For years, my husband and I tried every method we could think of to motivate our high school son to improve his schoolwork. We discussed the importance of good grades for college, spoke with a mentor about why grades matter, and—yes, in desperation—offered money. We reached a point where we offered financial incentives for better grades, hoping it might spark his motivation.
But all of it was futile. Despite our best efforts, our teen remained unmotivated.
Sometimes, motivating teens feels like trying to herd cats blindfolded, in a windstorm, with one hand tied behind your back. It’s incredibly challenging. But it’s also necessary, and more importantly, we must believe that as parents, God can use us to reach the hearts of our teens.
True motivation isn’t about coercion or control; it’s about discipleship. When we take the time to understand their struggles, listen to their dreams, and point them to God’s truth, we move beyond mere behavior modification into heart transformation.
When a teen feels known and valued, when they experience the love of Christ through us, their desire to do what is good for them flows from a heart surrendered to God rather than from external pressure.
It’s important to look at how the gospel shapes our approach to motivating an unmotivated child. Here are a few guiding principles to consider from the wisdom of the Proverbs.
Realize Your Definition of Success
As parents, our attempts to motivate often stem from our own definition of “success,” which is shaped by comparison with others, and our own life experiences. For example, if I’m being honest, my push for my teens to excel on the ACT largely comes from the belief that success, in my circles, means getting into a prestigious college.

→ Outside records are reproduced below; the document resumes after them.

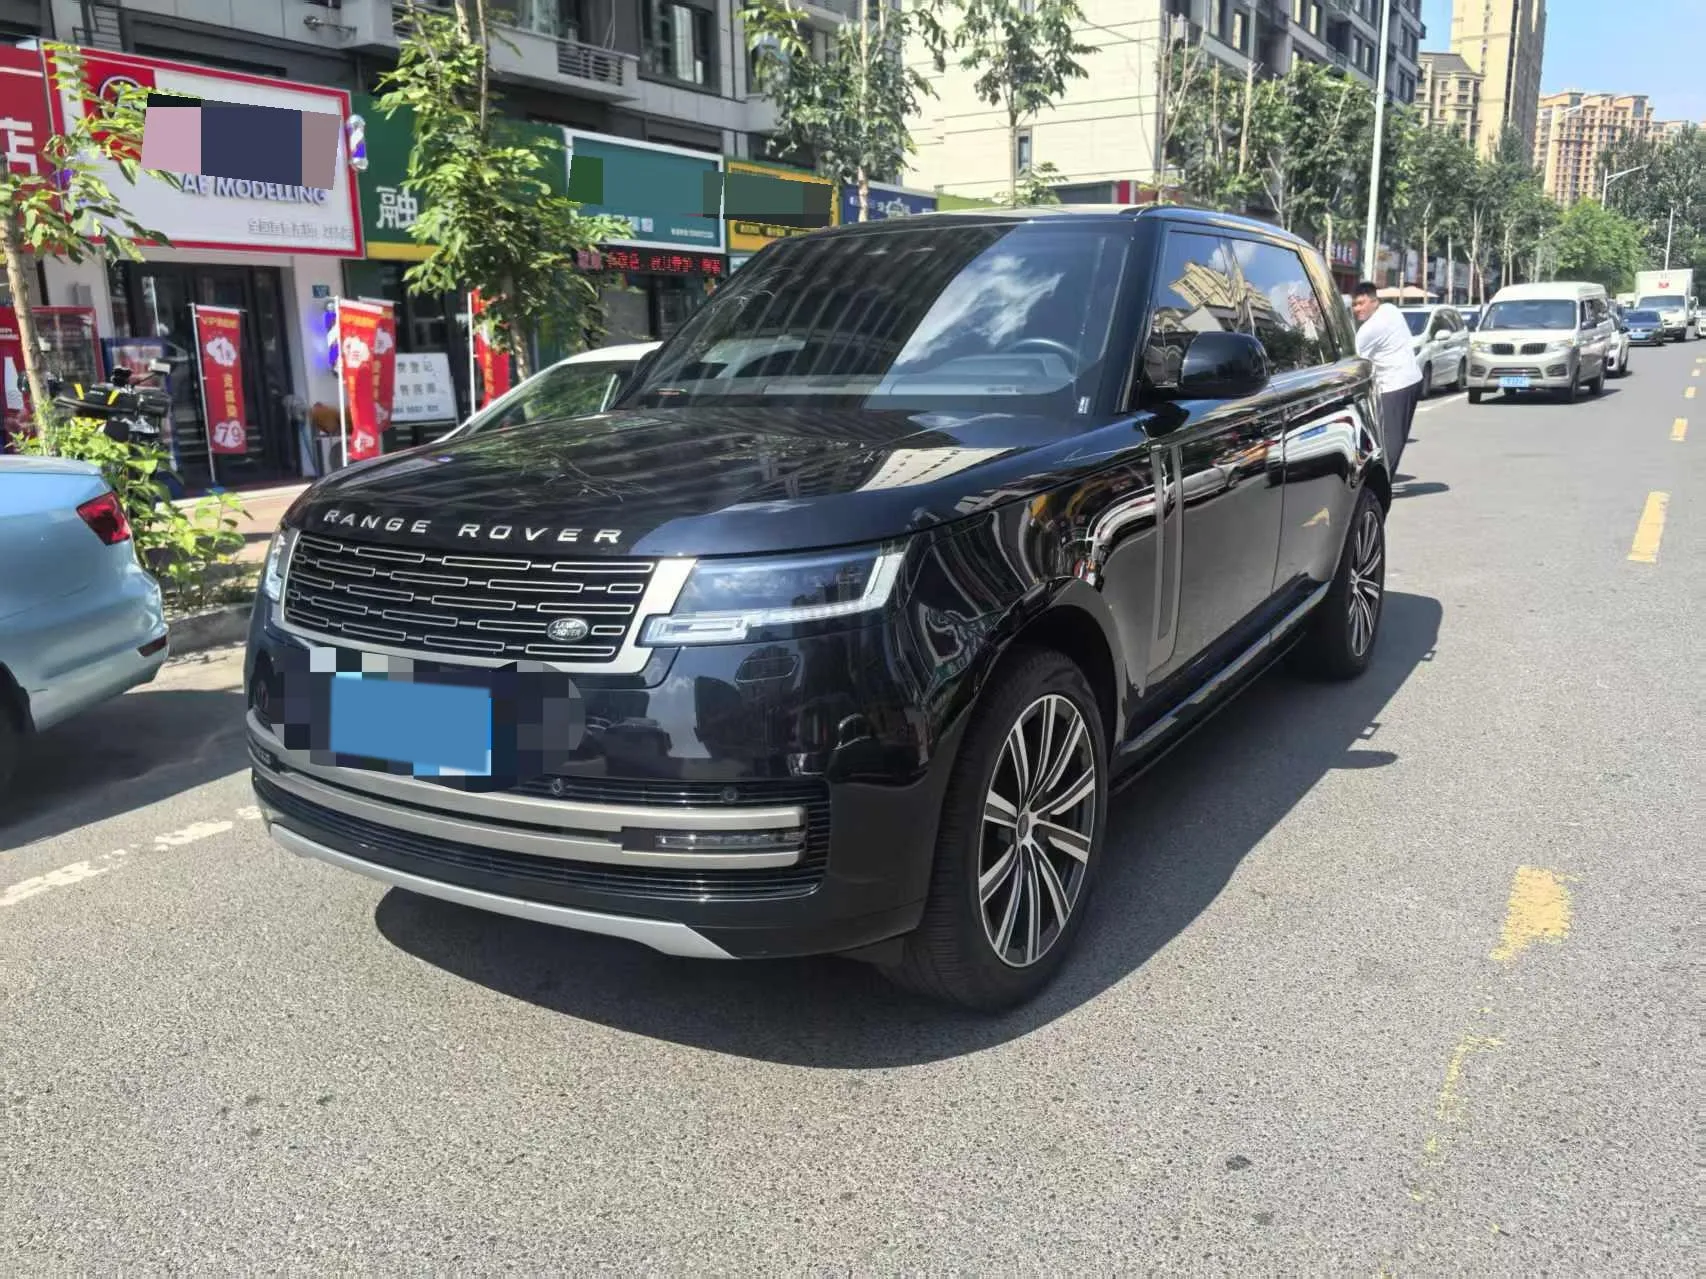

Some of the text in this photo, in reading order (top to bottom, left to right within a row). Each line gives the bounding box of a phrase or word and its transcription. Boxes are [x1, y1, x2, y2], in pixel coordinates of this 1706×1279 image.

[215, 176, 329, 204] MODELLING
[323, 509, 623, 544] RANGE ROVER
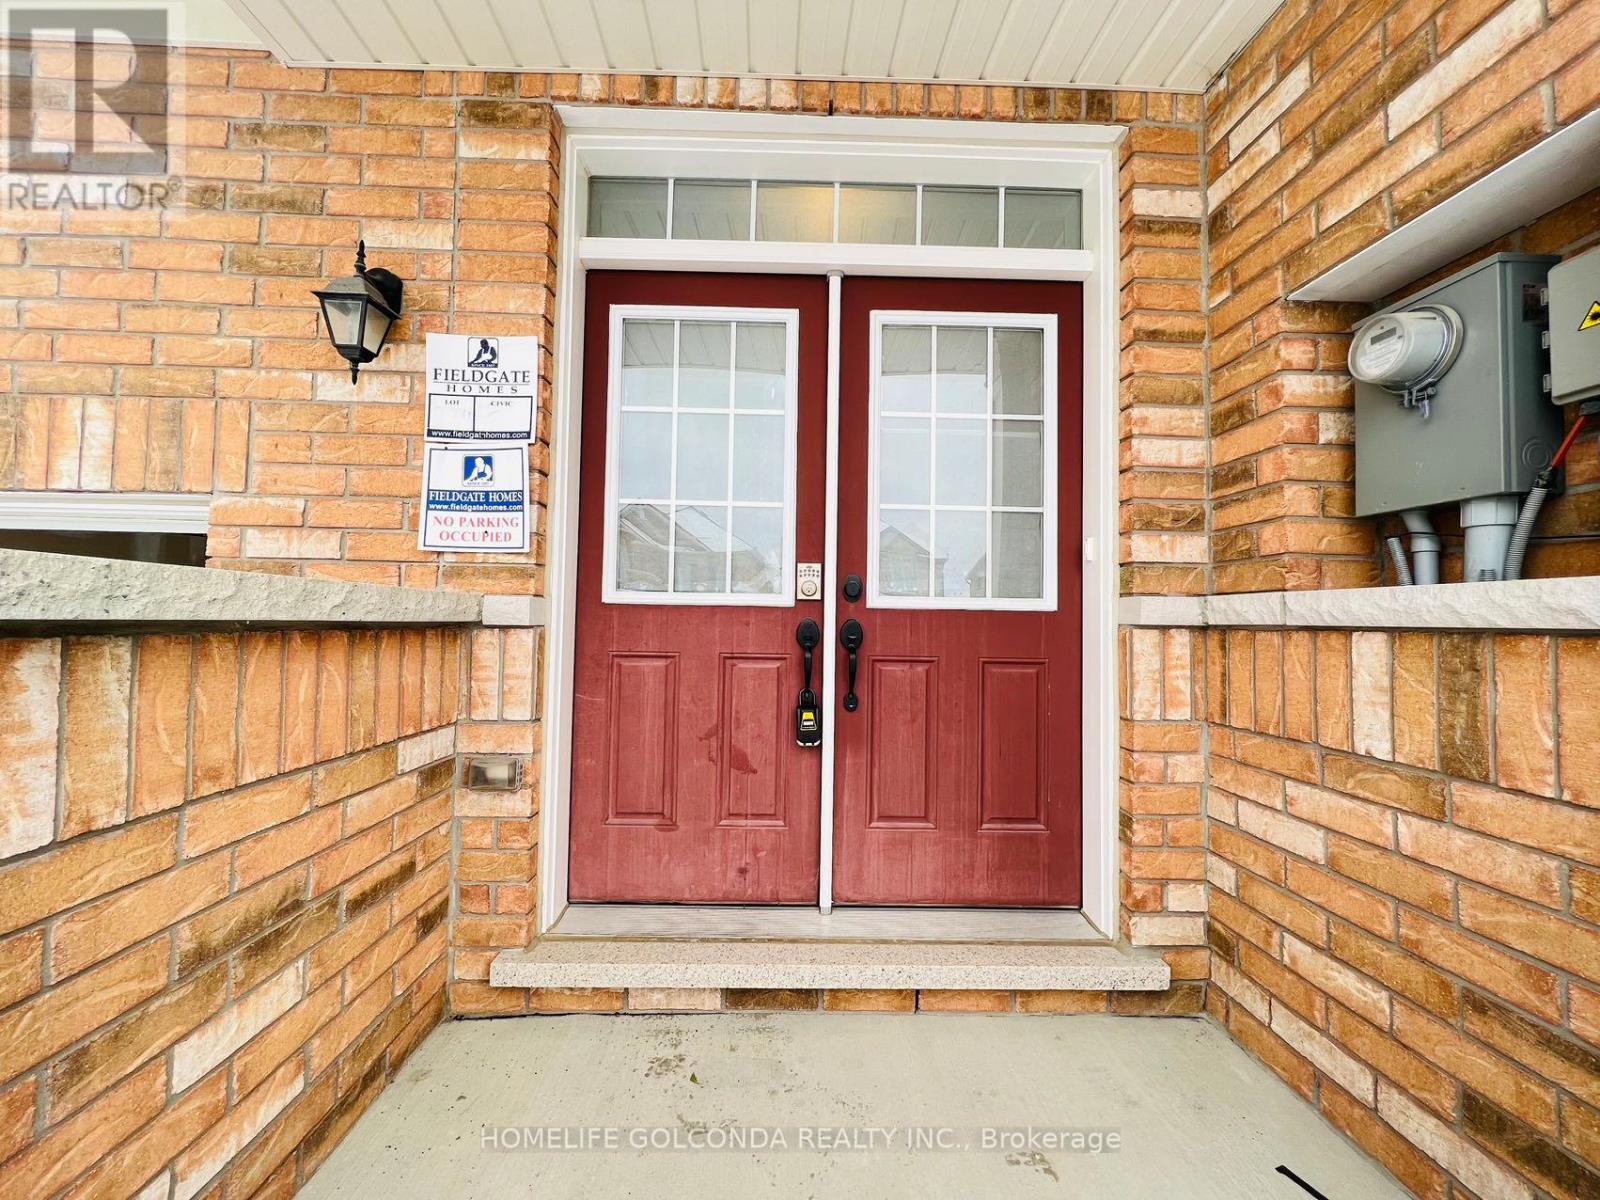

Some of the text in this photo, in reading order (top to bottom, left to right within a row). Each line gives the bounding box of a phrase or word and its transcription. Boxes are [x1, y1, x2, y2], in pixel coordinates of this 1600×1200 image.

[433, 368, 530, 383] FIELDGATE
[446, 384, 518, 394] HOMES
[429, 491, 523, 502] FIELDGATE HOMES
[428, 502, 523, 512] www.fieldgatehomes.com
[433, 515, 519, 528] NO PARKING
[439, 530, 513, 543] OCCUPIED

It’s essential to recognize what we define as successful because sometimes we push our children toward a path we think is “right” for them based on our own definition of “right.” When they show interest in something we didn’t expect or don’t like, we try to force them back to what we envision for them, creating tension and frustration. Our children are uniquely made by God, and it’s possible they’ll flourish on a path we hadn’t even considered.
Additionally, we must prayerfully discern whether we are trying to justify ourselves by having a successful child. In other words, sometimes we parent out of fear thinking that if a child is “unsuccessful,” it will make us look bad. For example, for some parents, motivating a child becomes less about shaping their heart, and more about appeasing the fear that an unsuccessful child will make them look bad.

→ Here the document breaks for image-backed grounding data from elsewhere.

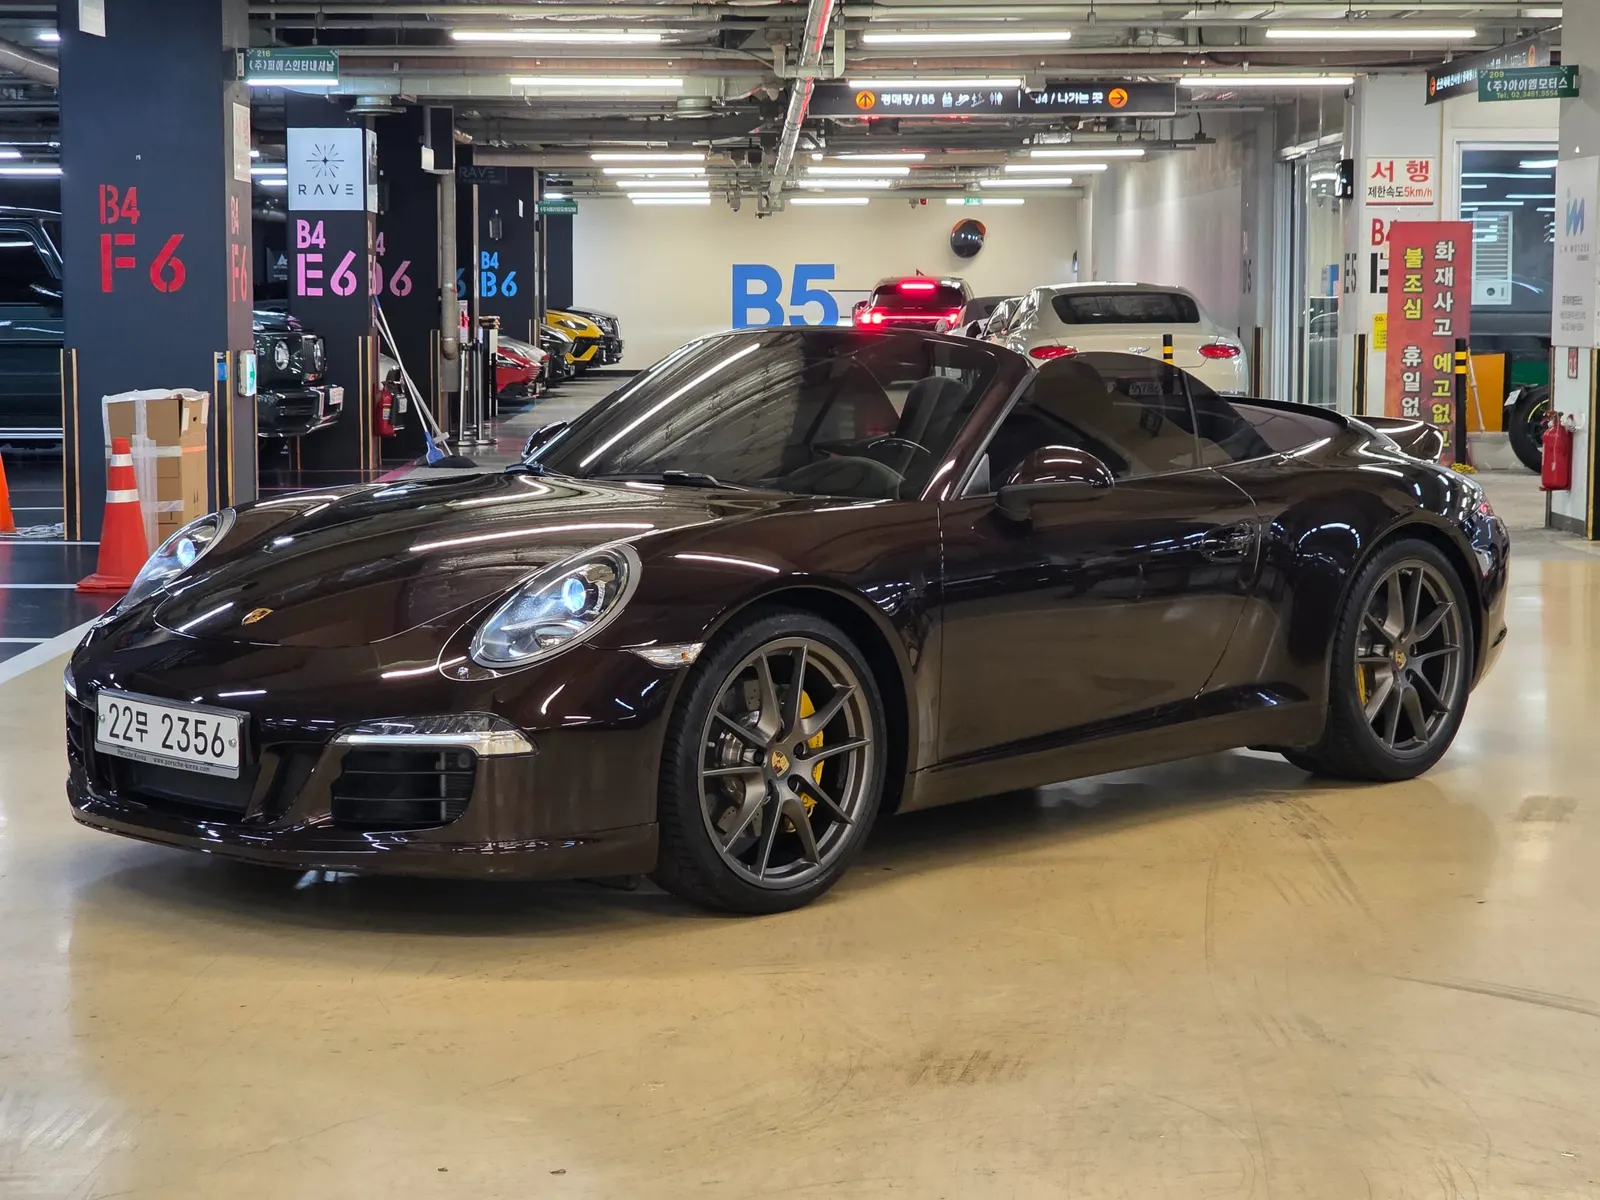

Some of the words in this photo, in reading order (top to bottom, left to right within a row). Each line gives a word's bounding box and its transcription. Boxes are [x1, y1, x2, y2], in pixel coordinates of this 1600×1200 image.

[249, 60, 335, 71] (주)피에스인터내셔날
[1057, 92, 1090, 104] 나가는
[1487, 78, 1568, 92] (주)아이엠모터스
[99, 184, 140, 225] B4
[298, 184, 354, 196] RAVE
[297, 219, 326, 249] B4
[376, 231, 386, 256] 4
[481, 250, 499, 269] B4
[1370, 253, 1389, 293] E
[732, 264, 839, 329] B5
[1403, 248, 1424, 320] 불조심
[1432, 241, 1455, 336] 화재사고
[109, 703, 148, 742] 22무
[161, 713, 225, 758] 2356

In other families, if a parent is concerned that their child isn’t motivated to reach a certain earning potential, that concern is less about the child’s well-being and more about the parent feeling secure about their child’s future.

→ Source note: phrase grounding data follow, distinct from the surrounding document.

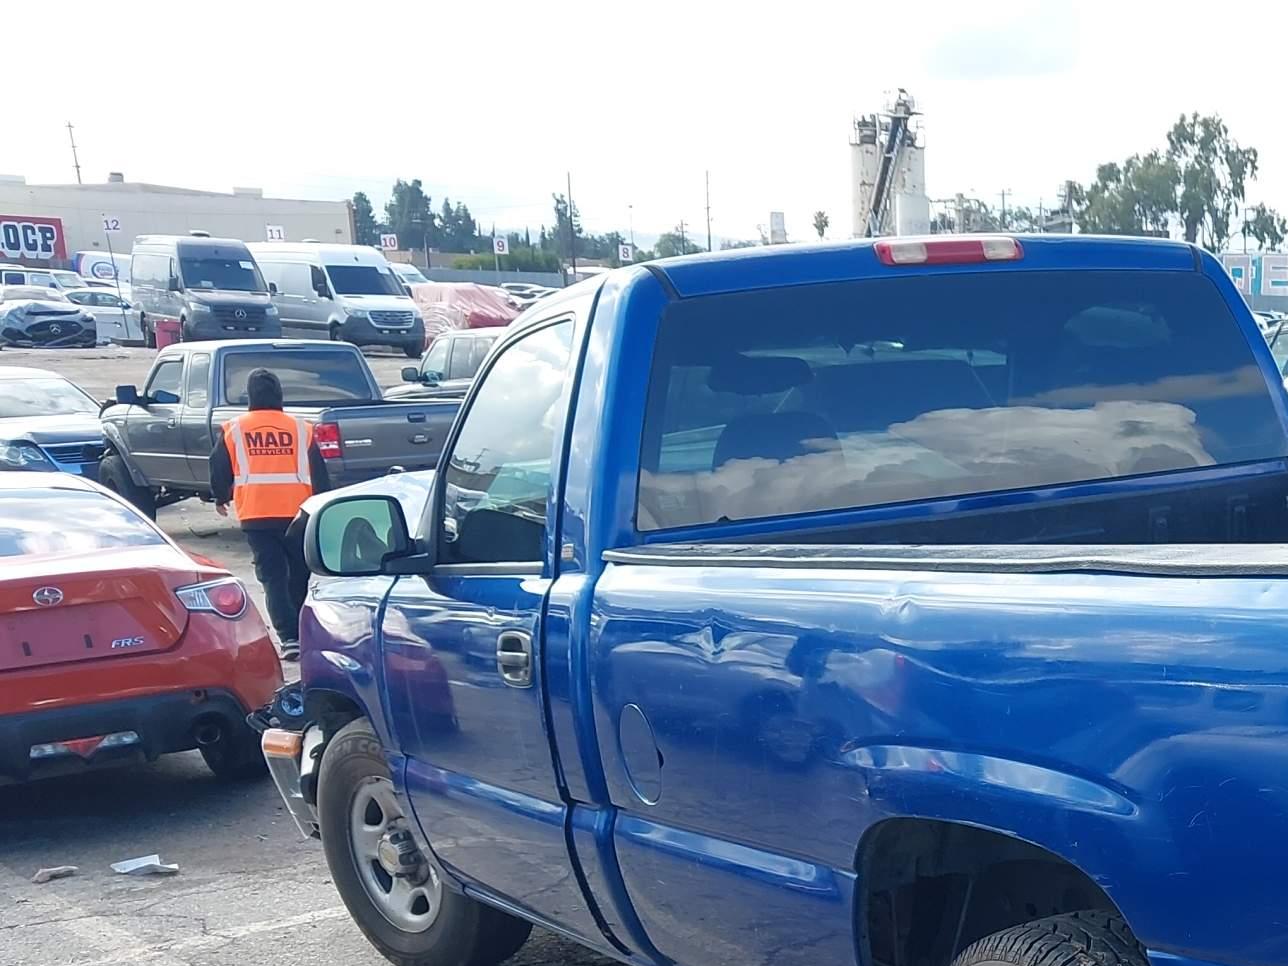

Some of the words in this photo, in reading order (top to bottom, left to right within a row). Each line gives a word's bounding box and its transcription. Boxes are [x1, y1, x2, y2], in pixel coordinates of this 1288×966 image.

[104, 219, 120, 231] 12
[0, 224, 55, 253] OCP
[268, 229, 283, 240] 11
[383, 237, 397, 248] 10
[496, 240, 505, 252] 9
[622, 247, 630, 259] 8
[244, 431, 293, 448] MAD
[249, 448, 292, 456] SERVICES

The point is, we must recognize why we’re pushing them. If our goal is for our child to succeed by our standards or to justify our worries, we need to realize that true success, according to Scripture, isn’t about personal achievement but about fulfilling God’s purposes for our lives. Proverbs 16:3 says, “Commit your work to the Lord, and your plans will be established.”
More important than motivating our teen to be who we want them to be is encouraging them to trust God with their plans and efforts, knowing that ultimately, he is the one who grants success according to his purposes.
Recognize the Difference Between Lack of Motivation and Disobedience
It’s important to understand the difference between motivating a child and expecting obedience. For instance, when I ask my teenager to clean her room, I’m giving a clear instruction, and it’s her responsibility to follow through, whether she feels motivated or not.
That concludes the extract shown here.